DIRECTIONS FOR THIS TASK
Could you give the listing again exactly, without its pictures?
Segment Start: INFORMATION SUPPLIED
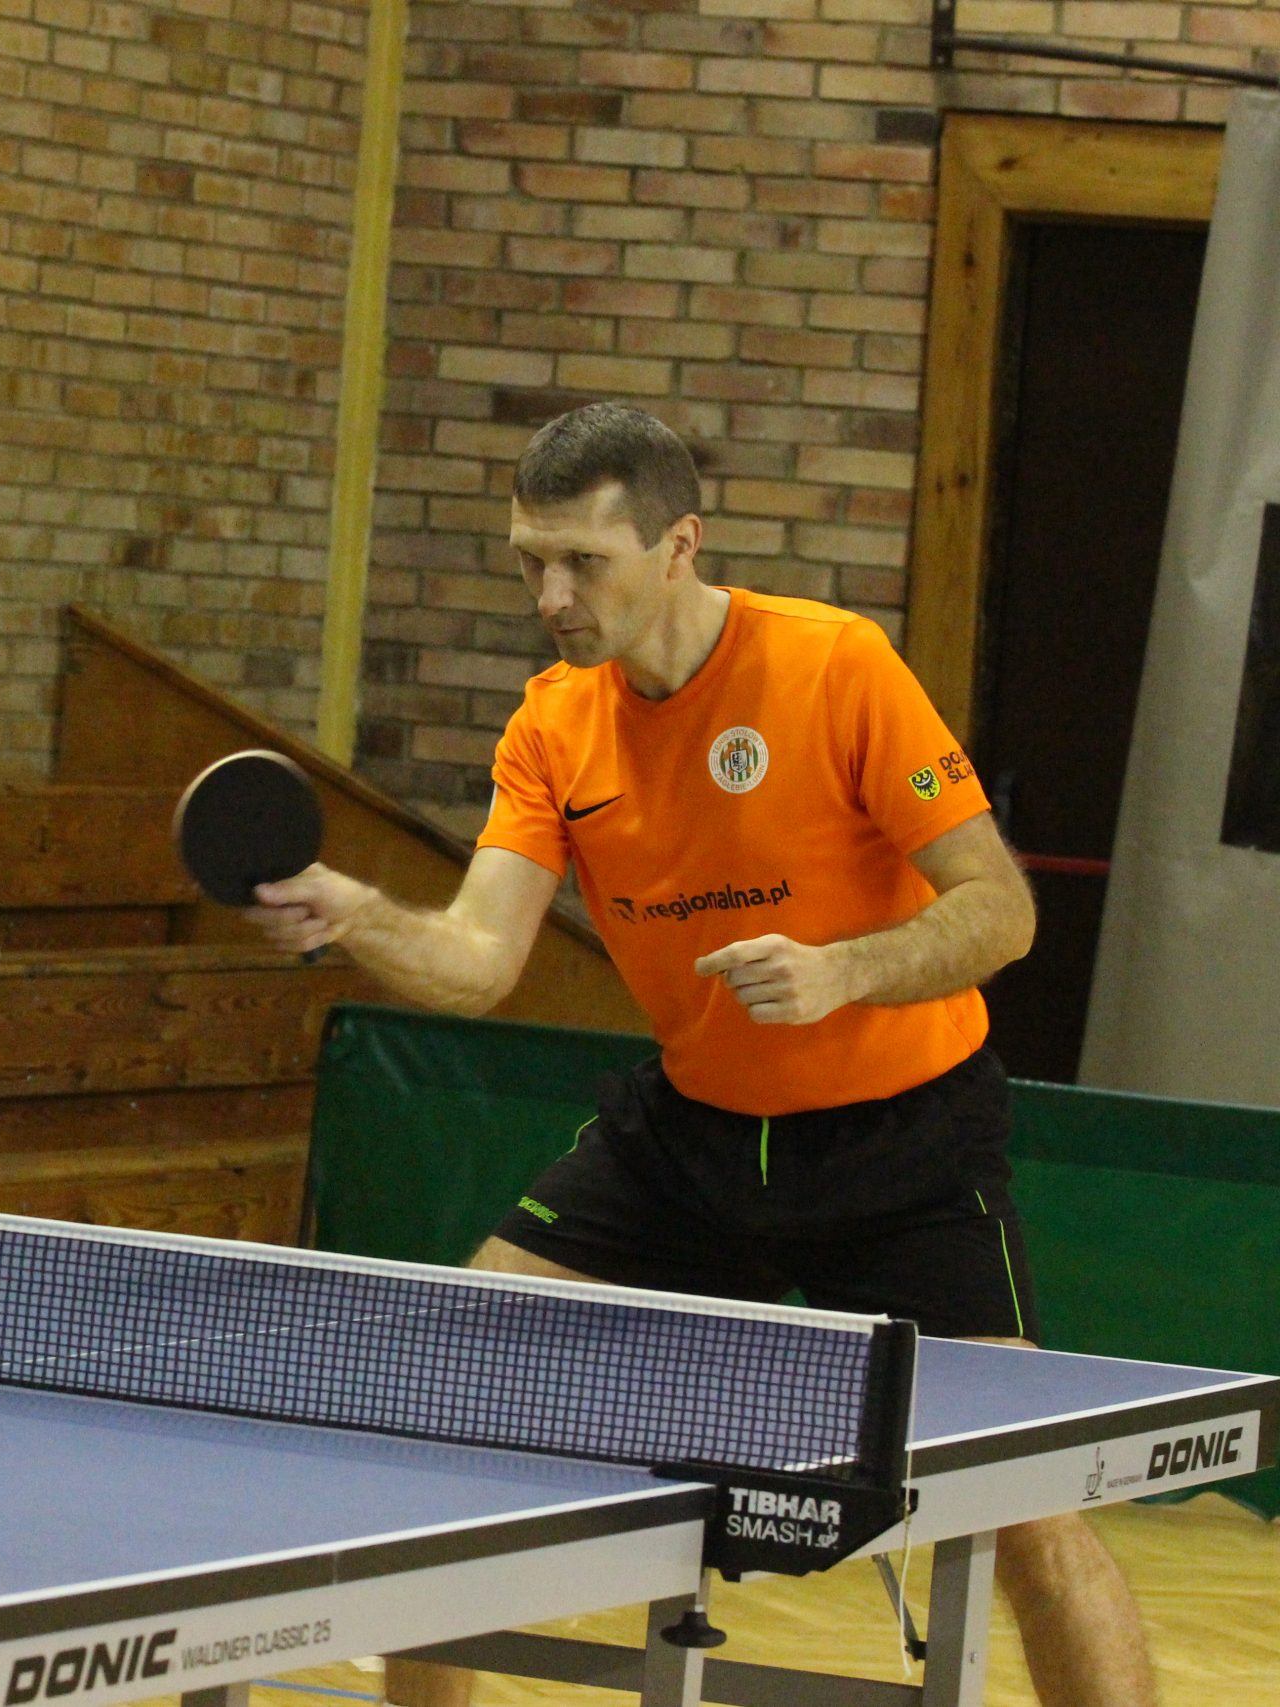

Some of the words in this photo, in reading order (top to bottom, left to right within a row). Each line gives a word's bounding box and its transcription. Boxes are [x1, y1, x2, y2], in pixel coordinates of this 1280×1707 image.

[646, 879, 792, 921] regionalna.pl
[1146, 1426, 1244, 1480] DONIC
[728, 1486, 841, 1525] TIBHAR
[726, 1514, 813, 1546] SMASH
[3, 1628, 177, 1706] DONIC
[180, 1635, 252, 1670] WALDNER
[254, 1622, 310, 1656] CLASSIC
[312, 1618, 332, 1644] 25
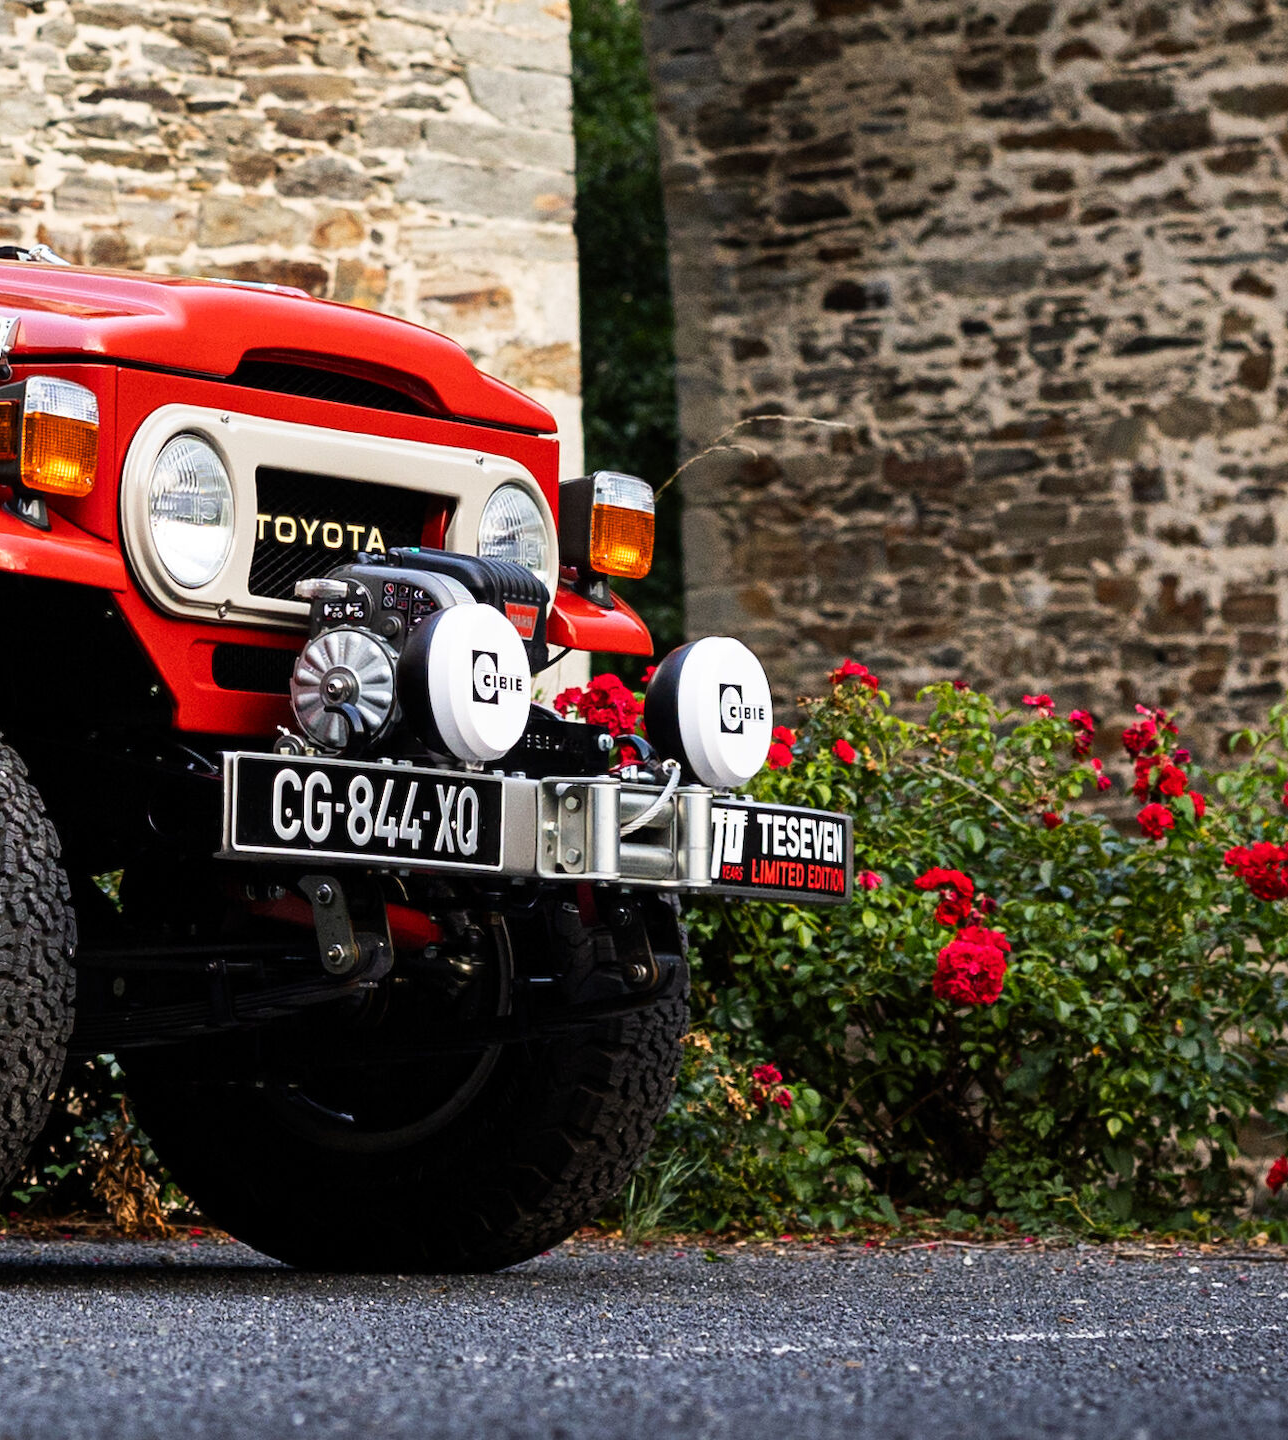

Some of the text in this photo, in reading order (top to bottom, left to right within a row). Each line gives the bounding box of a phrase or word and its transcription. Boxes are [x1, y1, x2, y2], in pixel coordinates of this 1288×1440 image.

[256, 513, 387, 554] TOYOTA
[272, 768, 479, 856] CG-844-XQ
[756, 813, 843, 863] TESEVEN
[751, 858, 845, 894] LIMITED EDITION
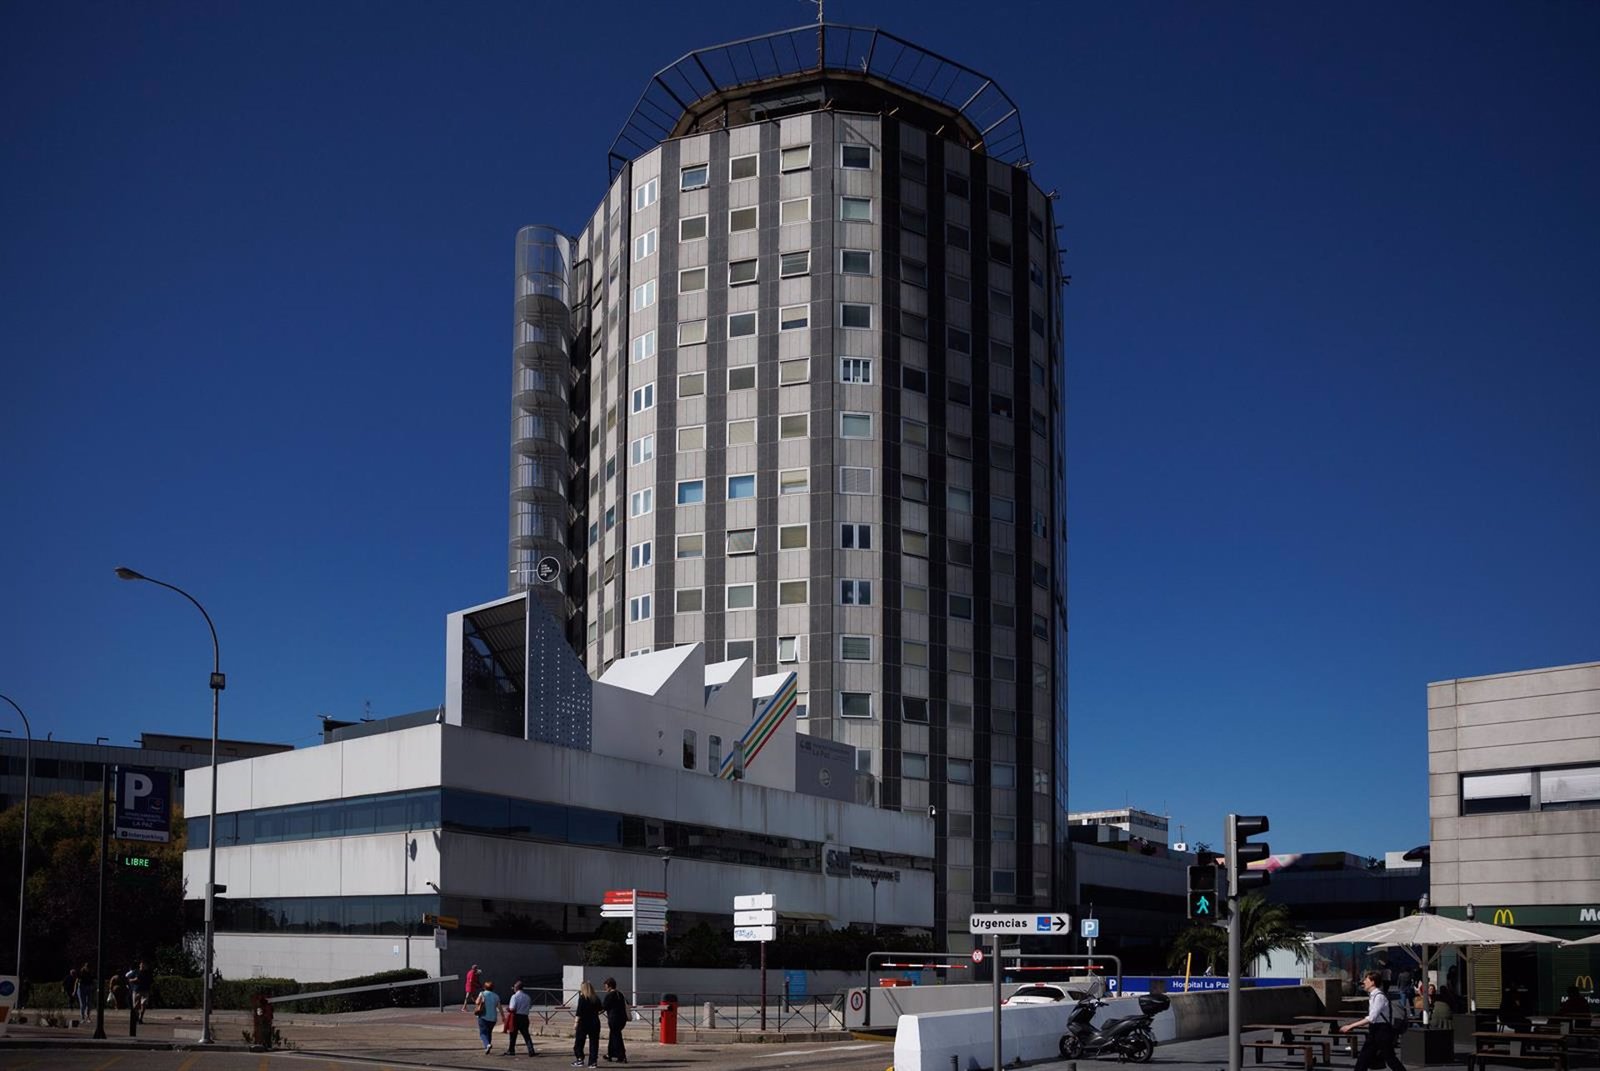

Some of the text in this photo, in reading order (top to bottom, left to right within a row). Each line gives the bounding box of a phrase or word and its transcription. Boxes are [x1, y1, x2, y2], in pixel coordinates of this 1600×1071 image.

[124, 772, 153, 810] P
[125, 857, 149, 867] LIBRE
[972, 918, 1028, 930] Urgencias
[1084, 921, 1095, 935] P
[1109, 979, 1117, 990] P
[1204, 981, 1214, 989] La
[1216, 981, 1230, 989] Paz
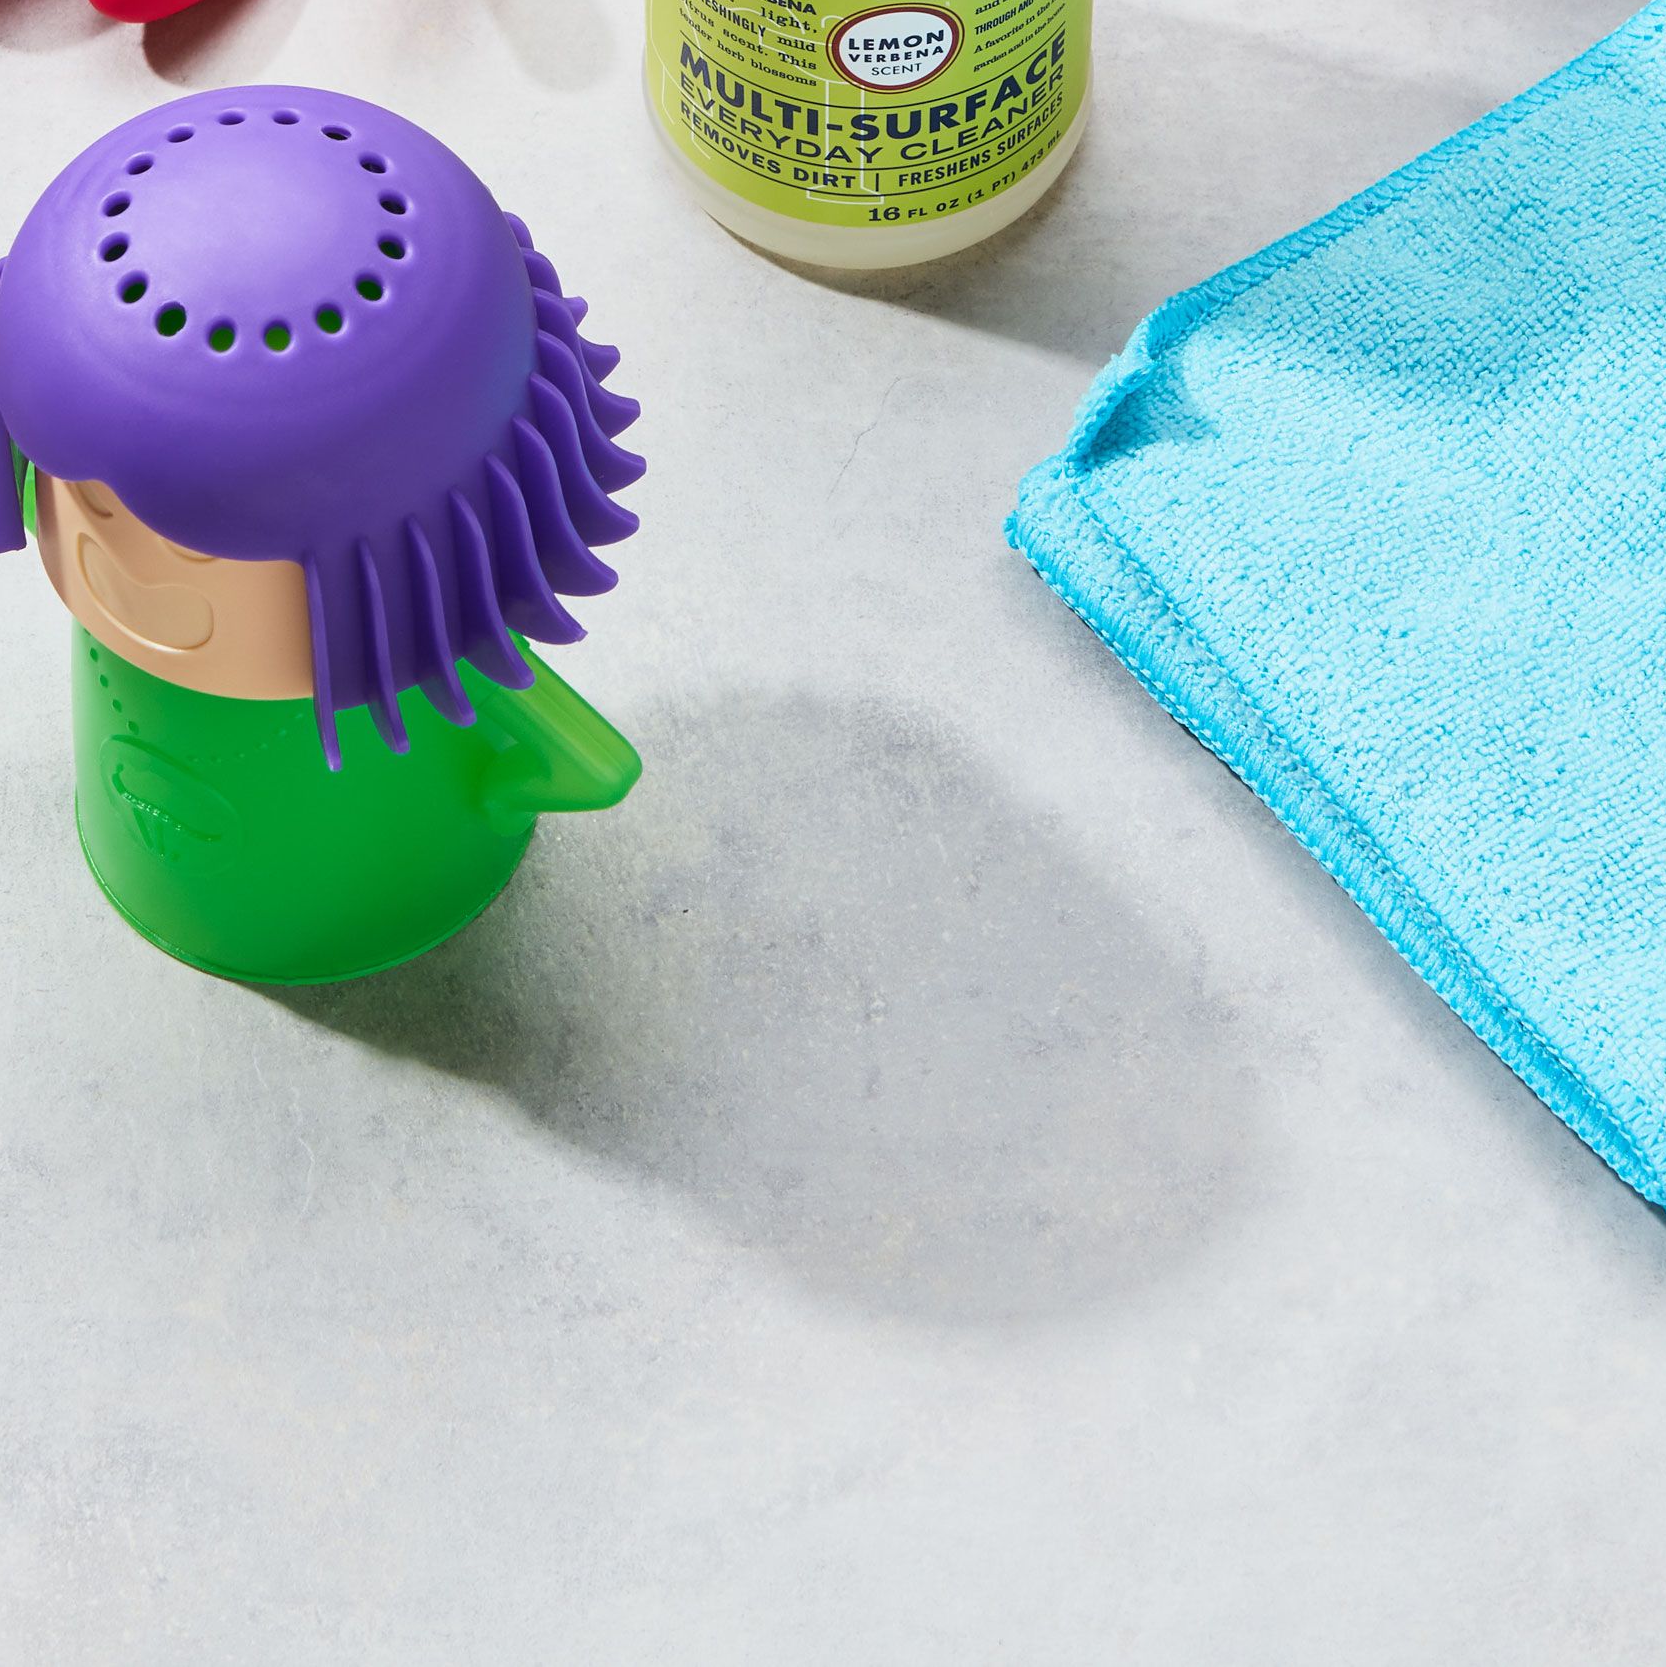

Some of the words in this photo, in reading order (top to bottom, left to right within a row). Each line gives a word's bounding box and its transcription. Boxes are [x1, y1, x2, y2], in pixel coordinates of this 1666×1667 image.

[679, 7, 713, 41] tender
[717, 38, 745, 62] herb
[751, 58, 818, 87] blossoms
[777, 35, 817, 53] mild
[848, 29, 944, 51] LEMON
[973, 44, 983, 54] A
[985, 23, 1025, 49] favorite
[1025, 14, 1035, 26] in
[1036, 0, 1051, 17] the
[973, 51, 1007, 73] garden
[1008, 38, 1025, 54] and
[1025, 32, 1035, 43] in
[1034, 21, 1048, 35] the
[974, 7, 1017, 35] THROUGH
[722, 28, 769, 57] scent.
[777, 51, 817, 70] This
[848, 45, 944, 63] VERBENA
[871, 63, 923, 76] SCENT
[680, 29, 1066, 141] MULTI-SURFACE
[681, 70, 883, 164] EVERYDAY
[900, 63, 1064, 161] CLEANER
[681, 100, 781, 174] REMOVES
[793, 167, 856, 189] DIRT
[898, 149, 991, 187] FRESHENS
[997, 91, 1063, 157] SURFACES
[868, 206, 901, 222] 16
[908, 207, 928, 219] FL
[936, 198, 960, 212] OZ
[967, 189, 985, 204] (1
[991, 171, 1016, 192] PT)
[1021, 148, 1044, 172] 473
Segment End: INFORMATION SUPPLIED
ANSWER TO THE PROBLEM
Some of the words in this photo, in reading order (top to bottom, left to right within a row). Each line gives a word's bounding box and its transcription. Boxes are [x1, y1, x2, y2], in pixel coordinates of this 1280×1707 image.

[646, 879, 792, 921] regionalna.pl
[1146, 1426, 1244, 1480] DONIC
[728, 1486, 841, 1525] TIBHAR
[726, 1514, 813, 1546] SMASH
[3, 1628, 177, 1706] DONIC
[180, 1635, 252, 1670] WALDNER
[254, 1622, 310, 1656] CLASSIC
[312, 1618, 332, 1644] 25

Some of the text in this photo, in reading order (top to bottom, left to right within a row). Each line gives the bounding box of a phrase or word and its transcription. Boxes are [x1, y1, x2, y2], in pixel coordinates of this 1288×1440 image.

[256, 513, 387, 554] TOYOTA
[272, 768, 479, 856] CG-844-XQ
[756, 813, 843, 863] TESEVEN
[751, 858, 845, 894] LIMITED EDITION

Some of the text in this photo, in reading order (top to bottom, left to right within a row). Each line gives the bounding box of a phrase or word and its transcription. Boxes are [x1, y1, x2, y2], in pixel coordinates of this 1600×1071 image.

[124, 772, 153, 810] P
[125, 857, 149, 867] LIBRE
[972, 918, 1028, 930] Urgencias
[1084, 921, 1095, 935] P
[1109, 979, 1117, 990] P
[1204, 981, 1214, 989] La
[1216, 981, 1230, 989] Paz

Some of the words in this photo, in reading order (top to bottom, left to right within a row). Each line gives a word's bounding box and its transcription. Boxes are [x1, y1, x2, y2], in pixel coordinates of this 1666×1667 image.

[679, 7, 713, 41] tender
[717, 38, 745, 62] herb
[751, 58, 818, 87] blossoms
[777, 35, 817, 53] mild
[848, 29, 944, 51] LEMON
[973, 44, 983, 54] A
[985, 23, 1025, 49] favorite
[1025, 14, 1035, 26] in
[1036, 0, 1051, 17] the
[973, 51, 1007, 73] garden
[1008, 38, 1025, 54] and
[1025, 32, 1035, 43] in
[1034, 21, 1048, 35] the
[974, 7, 1017, 35] THROUGH
[722, 28, 769, 57] scent.
[777, 51, 817, 70] This
[848, 45, 944, 63] VERBENA
[871, 63, 923, 76] SCENT
[680, 29, 1066, 141] MULTI-SURFACE
[681, 70, 883, 164] EVERYDAY
[900, 63, 1064, 161] CLEANER
[681, 100, 781, 174] REMOVES
[793, 167, 856, 189] DIRT
[898, 149, 991, 187] FRESHENS
[997, 91, 1063, 157] SURFACES
[868, 206, 901, 222] 16
[908, 207, 928, 219] FL
[936, 198, 960, 212] OZ
[967, 189, 985, 204] (1
[991, 171, 1016, 192] PT)
[1021, 148, 1044, 172] 473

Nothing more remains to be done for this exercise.